1. Principal. The principal balance of this Promissory Note (this Note) shall be payable on the
earlier of (i) June 30, 2011 or (ii) the date on which Maker consummates an initial public offering
of its securities. The principal balance may be prepaid at any time.
2. Interest. No interest shall accrue on the unpaid principal balance of this Note.
3. Application of Payments. All payments shall be applied first to payment in full of any costs
incurred in the collection of any sum due under this Note, including (without limitation)
reasonable attorneys fees, then to the payment in full of any late charges and finally to the
reduction of the unpaid principal balance of this Note.
4. Events of Default. The following shall constitute an event of default (Event of Default):
(a) Failure to Make Required Payments. Failure by Maker to pay the principal of this Note within
five (5) business days following the date when due.
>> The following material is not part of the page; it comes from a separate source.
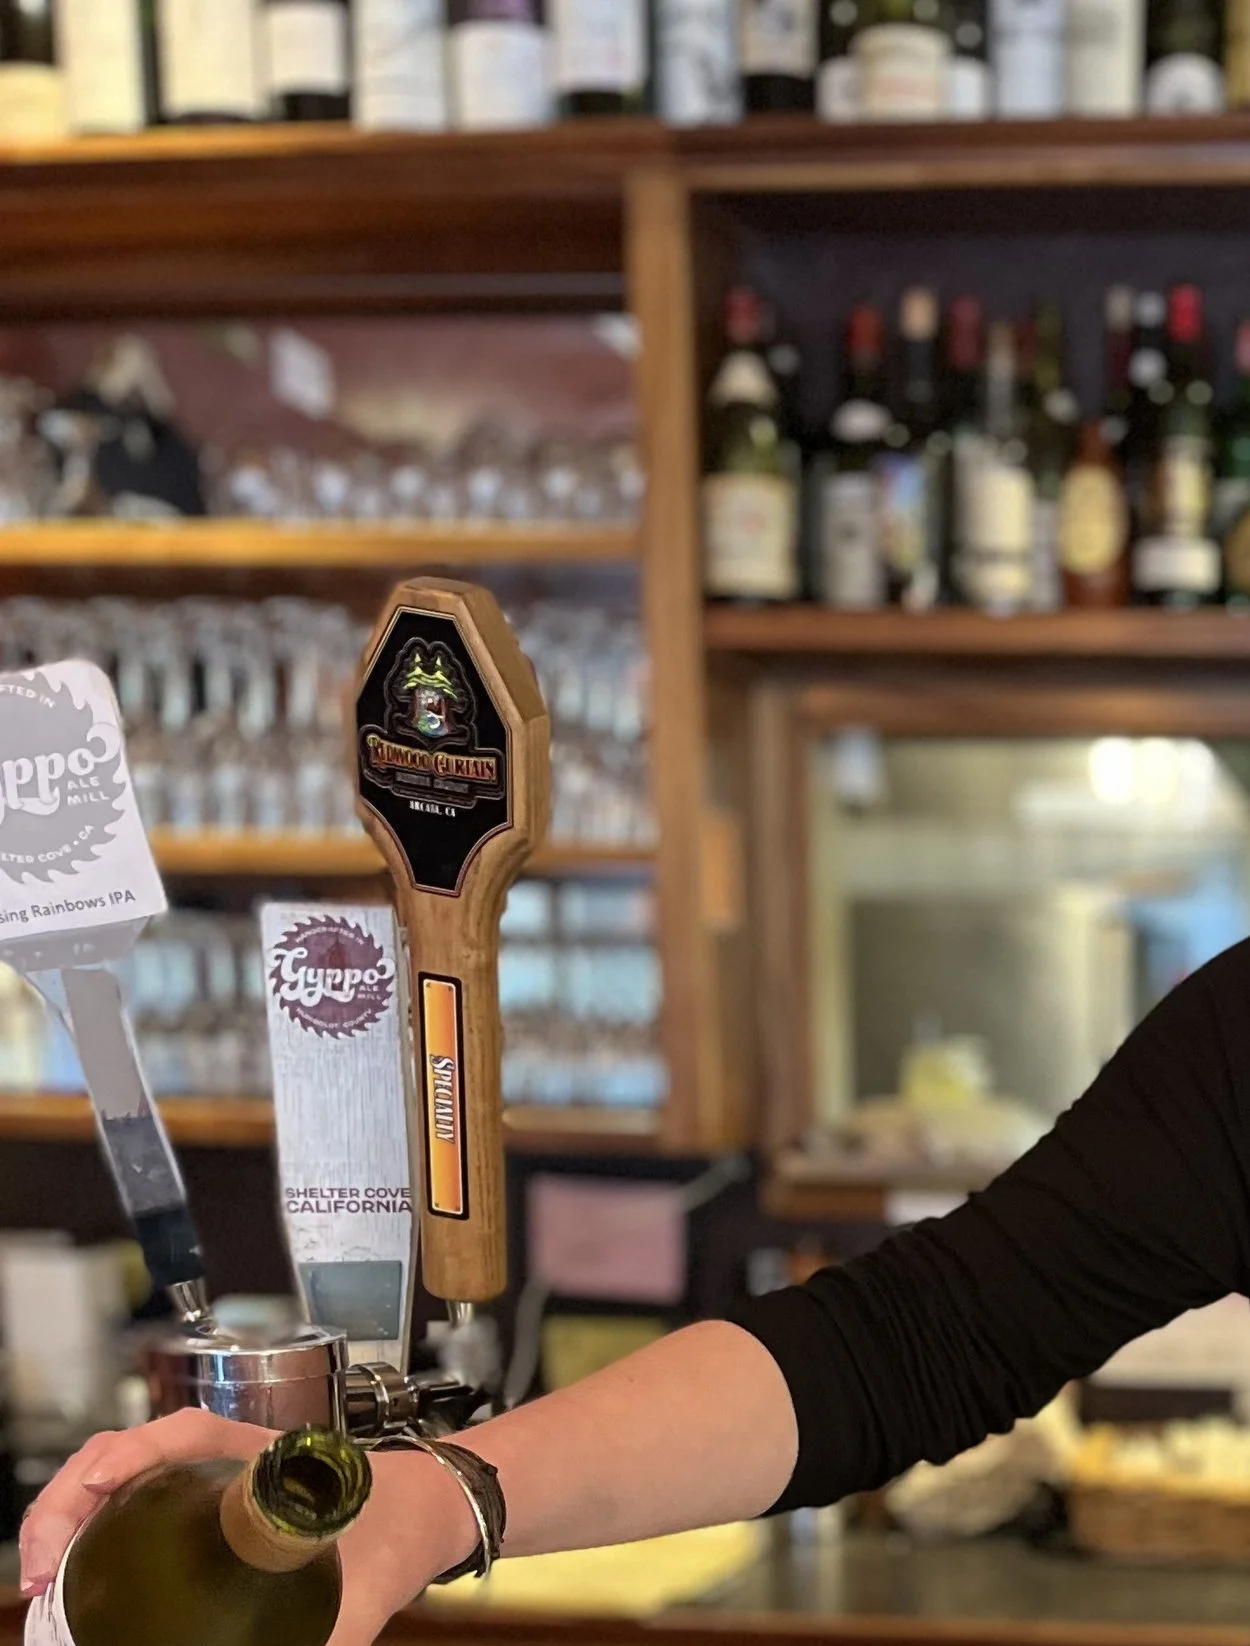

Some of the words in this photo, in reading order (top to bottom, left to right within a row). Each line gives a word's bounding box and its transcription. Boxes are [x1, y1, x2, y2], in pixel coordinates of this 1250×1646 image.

(b) Voluntary Bankruptcy, Etc. The commencement by Maker of a voluntary case under the Federal
Bankruptcy Code, as now constituted or hereafter amended, or any other applicable federal or state
bankruptcy, insolvency, reorganization, rehabilitation or other similar law, or the consent by it
to the appointment of or taking possession by a receiver, liquidator, assignee, trustee, custodian,
sequestrator (or other similar official) of Maker or for any substantial part of its property, or
the making by it of any assignment for the benefit of creditors, or the failure of Maker generally
to pay its debts as such debts become due, or the taking of corporate action by Maker in
furtherance of any of the foregoing.
(c) Involuntary Bankruptcy, Etc. The entry of a decree or order for relief by a court having
jurisdiction in the premises in respect of Maker in an involuntary case under the Federal
Bankruptcy Code, as now or hereafter constituted, or any other applicable federal or state
bankruptcy, insolvency or other similar law, or appointing a receiver, liquidator, assignee,
custodian, trustee, sequestrator (or similar official) of Maker or for any substantial part of its
property, or ordering the winding-up or liquidation of its affairs, and the continuance of any such
decree or order unstayed and in effect for a period of 60 consecutive days.
5. Remedies.
(a) Upon the occurrence of an Event of Default specified in Section 4(a) hereof, Payee may, by
written notice to Maker, declare this Note to be due immediately and payable, whereupon the unpaid
principal amount of this Note, and all other amounts payable thereunder, shall become immediately
due and payable without presentment, demand, protest or other notice of any kind, all of which are
hereby expressly waived, anything contained herein or in the documents evidencing the same to the
contrary notwithstanding.
(b) Upon the occurrence of an Event of Default specified in Sections 4(b) and 4(c), the unpaid
principal balance of this Note, and all other sums payable with regard to this Note, shall
automatically and immediately become due and payable, in all cases without any action on the part
of Payee.
6. Waivers. Maker and all endorsers and guarantors of, and sureties for, this Note waive
presentment for payment, demand, notice of dishonor, protest, and notice of protest with regard to
the Note, all errors, defects and imperfections in any proceedings instituted by Payee under the
terms of this Note, and all benefits that might accrue to Maker by virtue of any present or future
laws exempting any property, real or personal, or any part of the proceeds arising from any sale of
any such property, from attachment, levy or sale under execution, or providing for any stay of
execution, exemption from civil process, or extension of time for payment; and Maker agrees that
any real estate that may be levied upon pursuant to a judgment obtained by virtue hereof, on any
writ of execution issued hereon, may be sold upon any such writ in whole or in part in any order
desired by Payee.
7. Unconditional Liability. Maker hereby waives all notices in connection with the delivery,
acceptance, performance, default, or enforcement of the payment of this Note, and agrees that its
liability shall be unconditional, without regard to the liability of any other party, and shall not
be affected in any manner by any indulgence, extension of time, renewal, waiver or modification
granted or consented to by Payee, and consents to any and all extensions of time, renewals,
waivers, or modifications that may be granted by Payee with respect to the payment or other
provisions of this Note, and agrees that additional makers, endorsers, guarantors, or sureties may
become parties hereto without notice to Maker or affecting Makers liability hereunder.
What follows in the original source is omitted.